[Exercise instructions]
Since the copy must hold text only, transcribe the data below exactly and omit the images.

Dataset excerpts
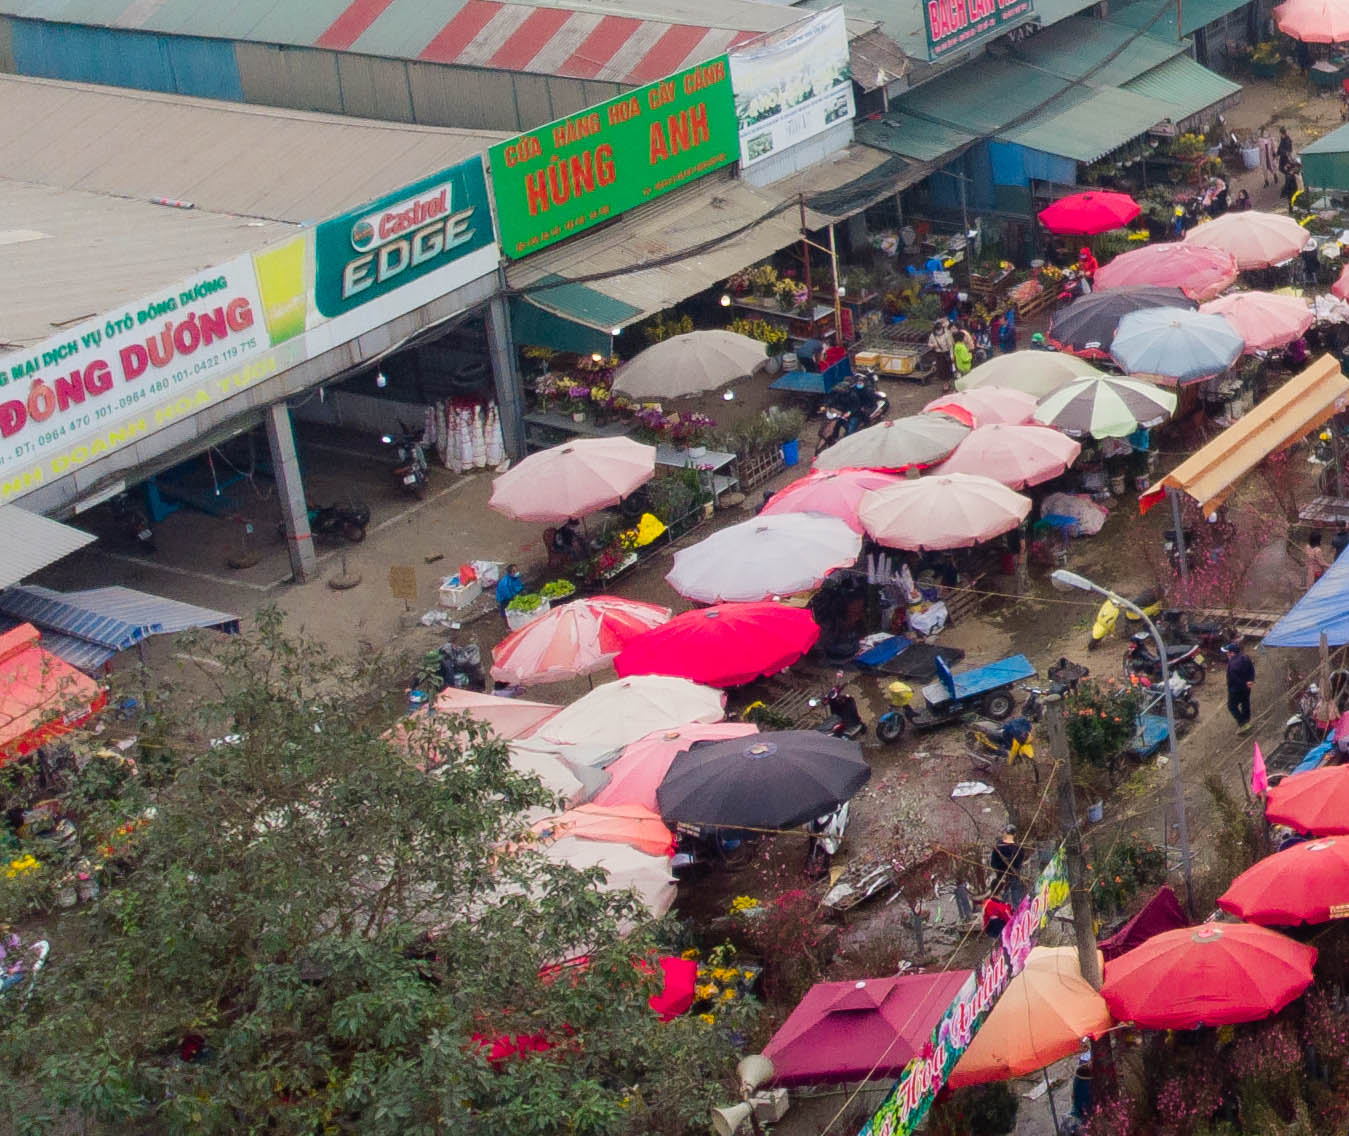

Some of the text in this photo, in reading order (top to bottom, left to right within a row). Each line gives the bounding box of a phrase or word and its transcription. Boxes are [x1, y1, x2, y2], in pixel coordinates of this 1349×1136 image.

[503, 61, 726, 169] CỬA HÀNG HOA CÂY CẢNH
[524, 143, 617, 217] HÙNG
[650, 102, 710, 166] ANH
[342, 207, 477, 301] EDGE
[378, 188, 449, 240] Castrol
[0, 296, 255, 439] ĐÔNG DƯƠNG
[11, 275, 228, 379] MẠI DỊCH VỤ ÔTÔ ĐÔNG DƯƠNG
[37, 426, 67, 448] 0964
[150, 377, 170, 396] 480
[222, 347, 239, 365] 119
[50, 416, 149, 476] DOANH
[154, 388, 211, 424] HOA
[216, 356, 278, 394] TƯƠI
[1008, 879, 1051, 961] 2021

[Response]
Some of the text in this photo, in reading order (top to bottom, left to right within a row). Each line gives the bounding box of a phrase or word and its transcription. Boxes are [x1, y1, x2, y2], in pixel coordinates of this 1349×1136 image.

[503, 61, 726, 169] CỬA HÀNG HOA CÂY CẢNH
[524, 143, 617, 217] HÙNG
[650, 102, 710, 166] ANH
[342, 207, 477, 301] EDGE
[378, 188, 449, 240] Castrol
[0, 296, 255, 439] ĐÔNG DƯƠNG
[11, 275, 228, 379] MẠI DỊCH VỤ ÔTÔ ĐÔNG DƯƠNG
[37, 426, 67, 448] 0964
[150, 377, 170, 396] 480
[222, 347, 239, 365] 119
[50, 416, 149, 476] DOANH
[154, 388, 211, 424] HOA
[216, 356, 278, 394] TƯƠI
[1008, 879, 1051, 961] 2021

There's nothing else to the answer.